TASK GOAL
Send each entry back exactly as given, pictures excluded.

Data excerpts:
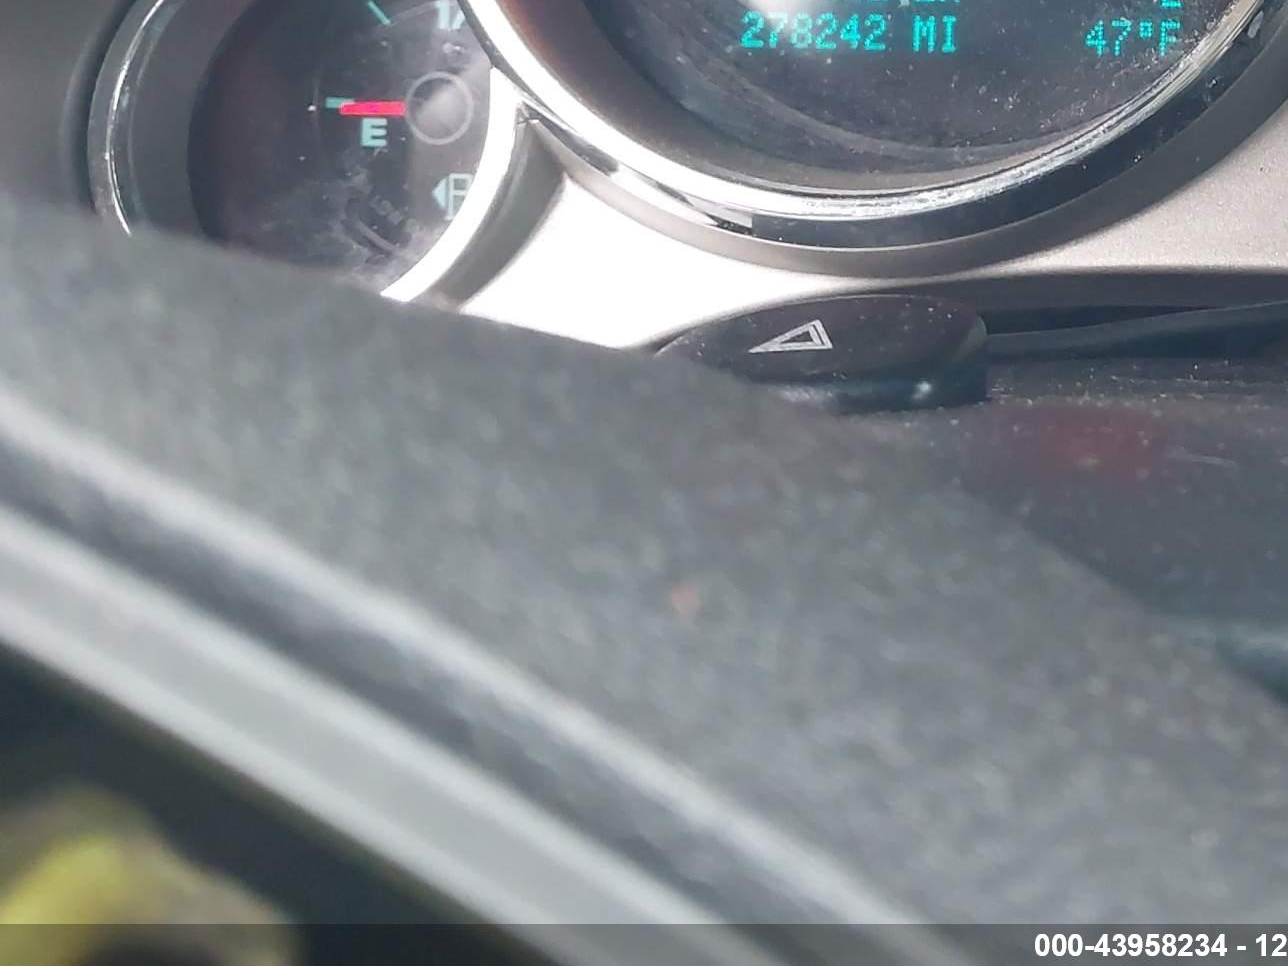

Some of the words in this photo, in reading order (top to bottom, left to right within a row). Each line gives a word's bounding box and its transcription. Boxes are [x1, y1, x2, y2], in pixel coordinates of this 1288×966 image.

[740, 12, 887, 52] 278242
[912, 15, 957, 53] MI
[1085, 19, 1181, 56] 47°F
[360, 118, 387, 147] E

REPLY
Some of the words in this photo, in reading order (top to bottom, left to right within a row). Each line gives a word's bounding box and its transcription. Boxes are [x1, y1, x2, y2], in pixel coordinates of this 1288×966 image.

[740, 12, 887, 52] 278242
[912, 15, 957, 53] MI
[1085, 19, 1181, 56] 47°F
[360, 118, 387, 147] E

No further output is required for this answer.